Annotated photo localization data:
━━━━

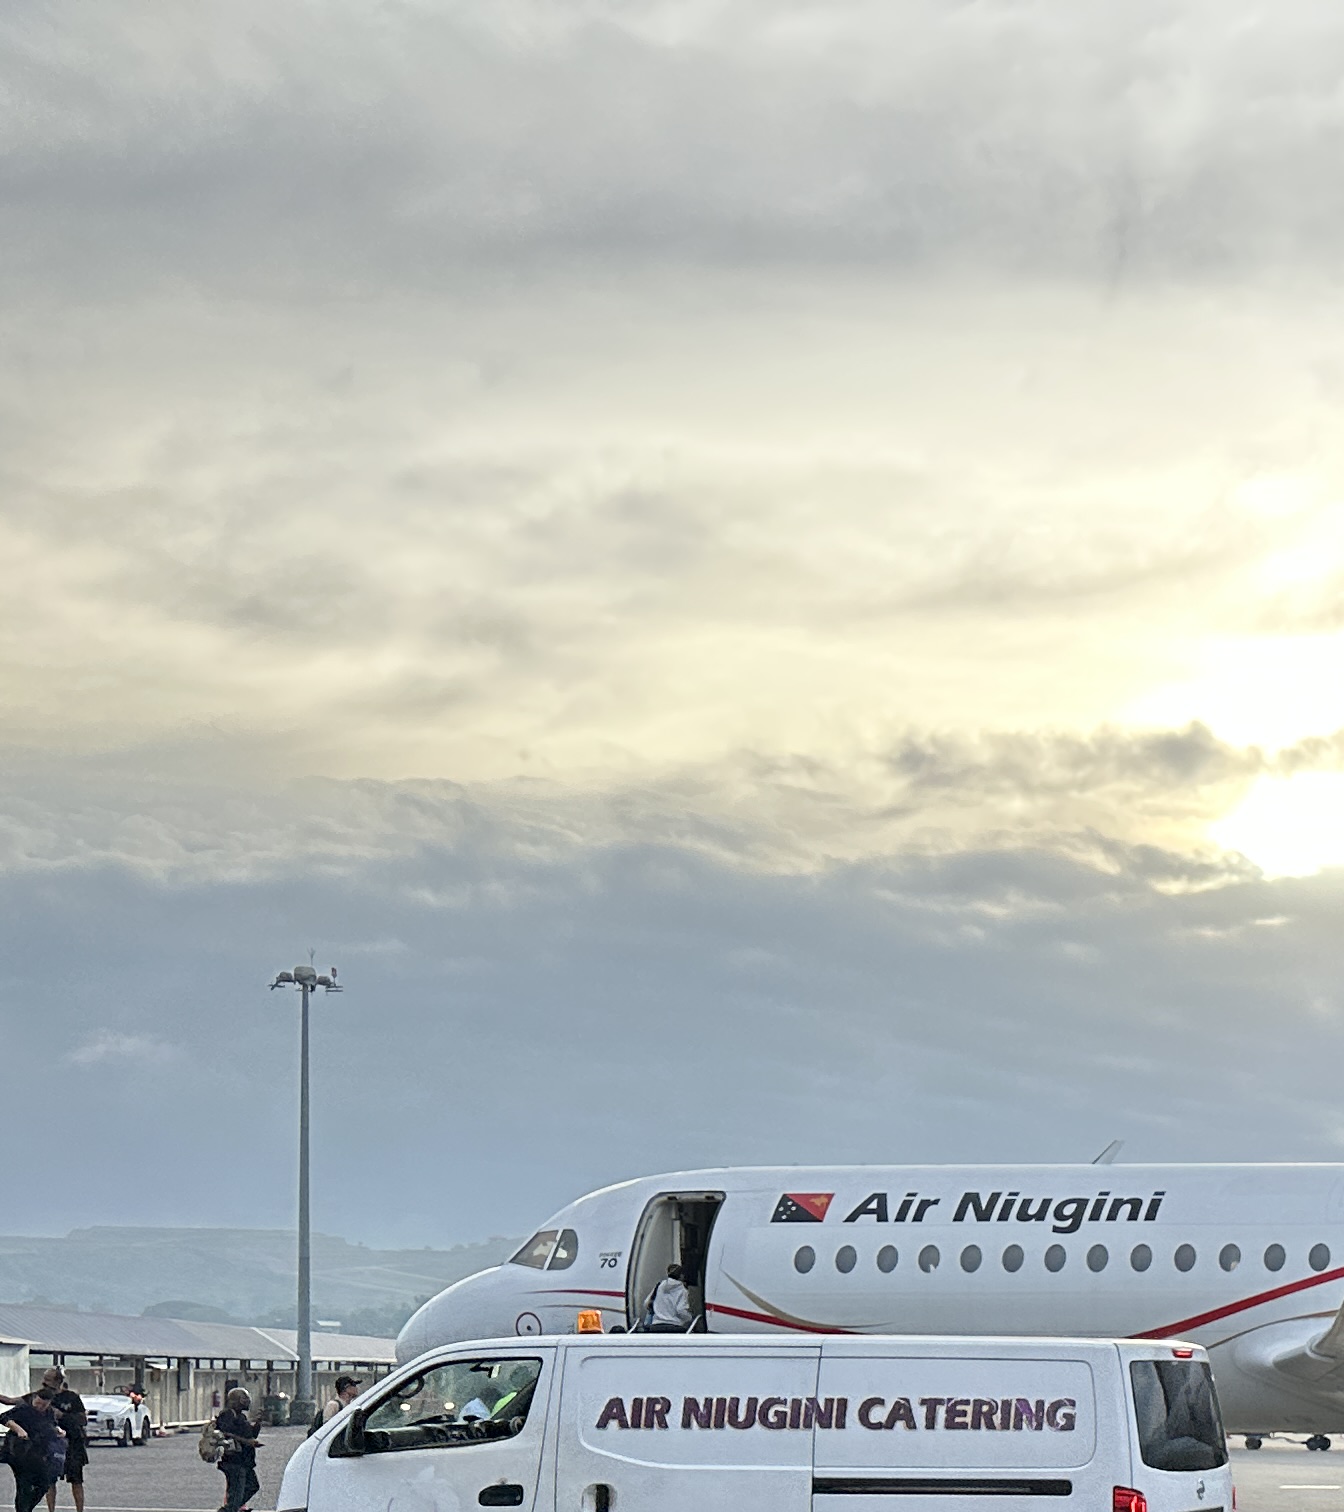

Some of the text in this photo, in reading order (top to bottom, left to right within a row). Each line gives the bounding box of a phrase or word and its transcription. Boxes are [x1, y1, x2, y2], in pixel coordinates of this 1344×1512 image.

[842, 1191, 1166, 1233] Air Niugini
[600, 1257, 618, 1268] 70
[595, 1396, 1077, 1431] AIR NIUGINI CATERING
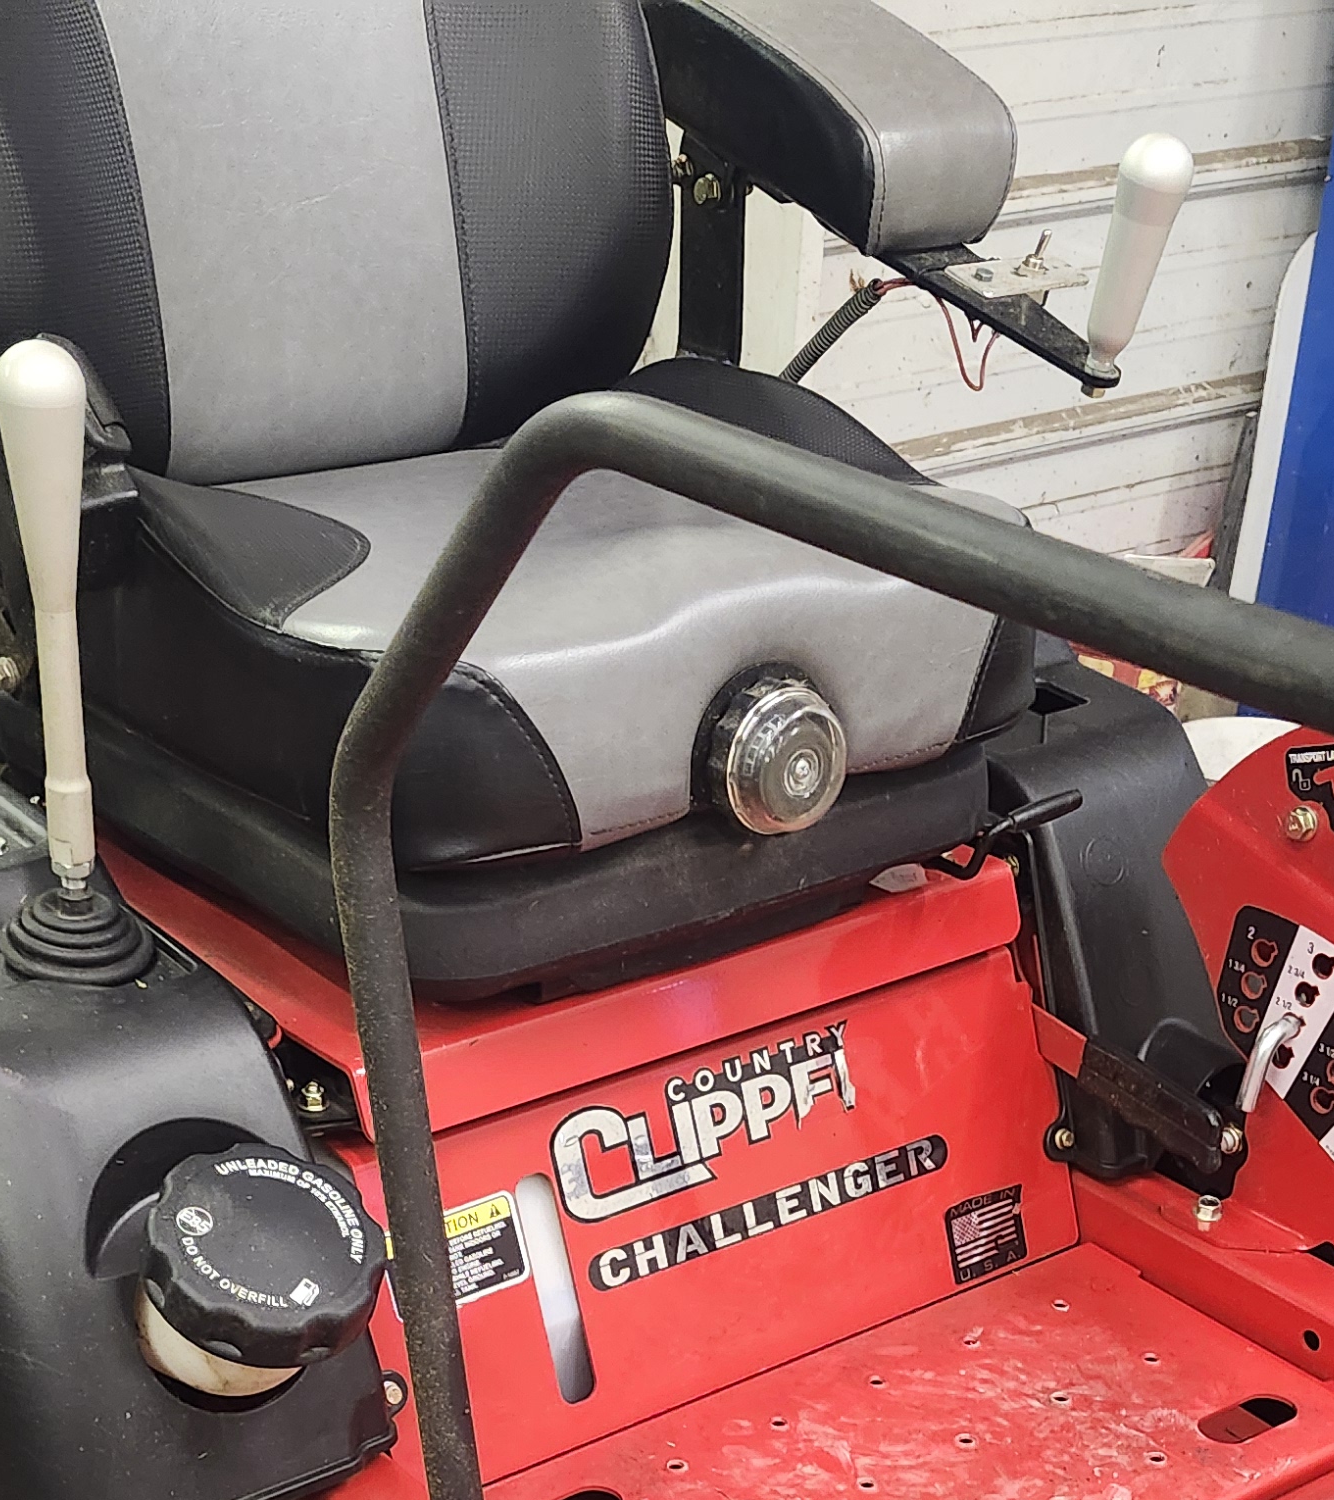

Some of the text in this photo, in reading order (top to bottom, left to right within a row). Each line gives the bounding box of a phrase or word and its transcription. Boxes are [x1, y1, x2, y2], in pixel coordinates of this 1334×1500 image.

[1247, 926, 1255, 939] 2
[1307, 942, 1314, 954] 3
[667, 1023, 847, 1101] COUNTRY
[249, 1168, 296, 1184] MAXIMUM
[296, 1179, 311, 1190] OF
[214, 1158, 363, 1264] UNLEADED GASOLINE ONLY
[599, 1139, 936, 1287] CHALLENGER
[950, 1188, 1015, 1218] MADE IN
[179, 1208, 211, 1233] E85
[446, 1211, 479, 1234] TION
[181, 1236, 289, 1308] DO NOT OVERFILL

━━━━

- _Problem details_:
Exact copy, no pictures: return the entries word for word.

- _Result below_:
Some of the text in this photo, in reading order (top to bottom, left to right within a row). Each line gives the bounding box of a phrase or word and its transcription. Boxes are [x1, y1, x2, y2], in pixel coordinates of this 1344×1512 image.

[842, 1191, 1166, 1233] Air Niugini
[600, 1257, 618, 1268] 70
[595, 1396, 1077, 1431] AIR NIUGINI CATERING

Some of the text in this photo, in reading order (top to bottom, left to right within a row). Each line gives the bounding box of a phrase or word and its transcription. Boxes are [x1, y1, x2, y2], in pixel coordinates of this 1334×1500 image.

[1247, 926, 1255, 939] 2
[1307, 942, 1314, 954] 3
[667, 1023, 847, 1101] COUNTRY
[249, 1168, 296, 1184] MAXIMUM
[296, 1179, 311, 1190] OF
[214, 1158, 363, 1264] UNLEADED GASOLINE ONLY
[599, 1139, 936, 1287] CHALLENGER
[950, 1188, 1015, 1218] MADE IN
[179, 1208, 211, 1233] E85
[446, 1211, 479, 1234] TION
[181, 1236, 289, 1308] DO NOT OVERFILL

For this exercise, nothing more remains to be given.